● Work item: Each record should be copied exactly into the answer, and no picture should go with it.

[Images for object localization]
* * *
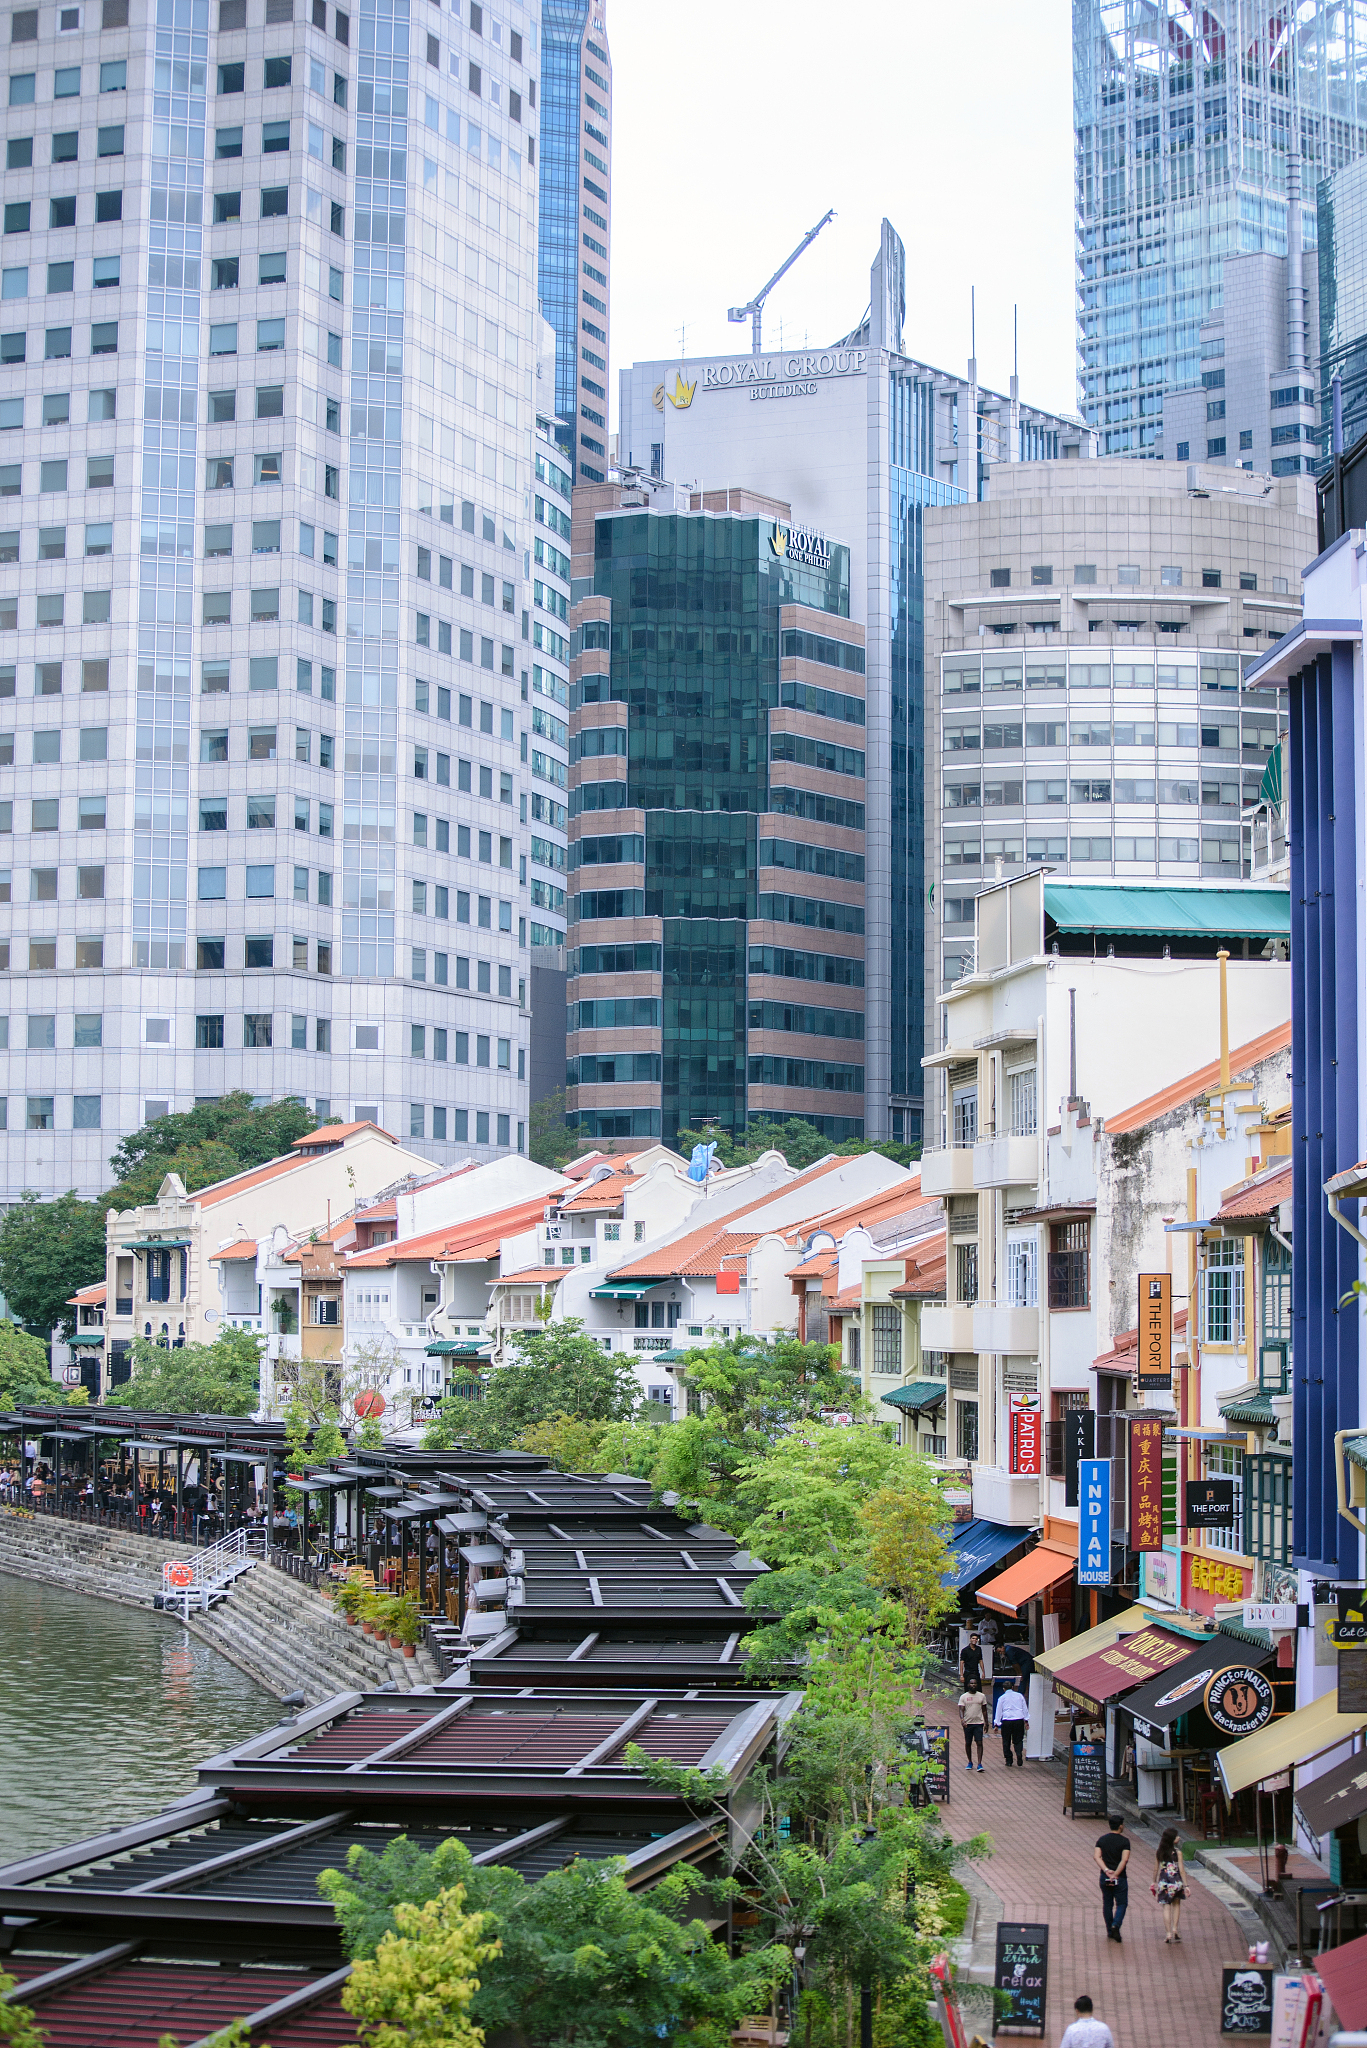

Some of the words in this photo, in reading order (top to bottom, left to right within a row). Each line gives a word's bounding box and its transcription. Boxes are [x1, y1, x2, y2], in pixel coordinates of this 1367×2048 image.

[702, 361, 776, 387] ROYAL
[784, 351, 867, 378] GROUP
[750, 382, 818, 401] BUILDING
[787, 528, 831, 560] ROYAL
[788, 549, 804, 562] ONE
[804, 553, 831, 570] PHILLIP
[1149, 1302, 1161, 1330] THE
[1149, 1333, 1161, 1370] PORT
[1020, 1414, 1035, 1473] PATRO'S
[1088, 1467, 1102, 1568] INDIAN
[1191, 1504, 1208, 1513] THE
[1208, 1504, 1231, 1512] PORT
[1080, 1571, 1109, 1582] HOUSE
[1339, 1626, 1356, 1637] Cat
[1210, 1671, 1236, 1704] PRINCE
[1233, 1670, 1244, 1679] OF
[1243, 1669, 1270, 1698] WALES
[1213, 1710, 1260, 1732] Backpacker
[1002, 1953, 1042, 1964] drink
[1004, 1944, 1039, 1956] EAT
[1013, 1963, 1027, 1977] &
[1001, 1975, 1042, 1987] relax
* * *
● Result of the task:
Some of the words in this photo, in reading order (top to bottom, left to right within a row). Each line gives a word's bounding box and its transcription. Boxes are [x1, y1, x2, y2], in pixel coordinates of this 1367×2048 image.

[702, 361, 776, 387] ROYAL
[784, 351, 867, 378] GROUP
[750, 382, 818, 401] BUILDING
[787, 528, 831, 560] ROYAL
[788, 549, 804, 562] ONE
[804, 553, 831, 570] PHILLIP
[1149, 1302, 1161, 1330] THE
[1149, 1333, 1161, 1370] PORT
[1020, 1414, 1035, 1473] PATRO'S
[1088, 1467, 1102, 1568] INDIAN
[1191, 1504, 1208, 1513] THE
[1208, 1504, 1231, 1512] PORT
[1080, 1571, 1109, 1582] HOUSE
[1339, 1626, 1356, 1637] Cat
[1210, 1671, 1236, 1704] PRINCE
[1233, 1670, 1244, 1679] OF
[1243, 1669, 1270, 1698] WALES
[1213, 1710, 1260, 1732] Backpacker
[1002, 1953, 1042, 1964] drink
[1004, 1944, 1039, 1956] EAT
[1013, 1963, 1027, 1977] &
[1001, 1975, 1042, 1987] relax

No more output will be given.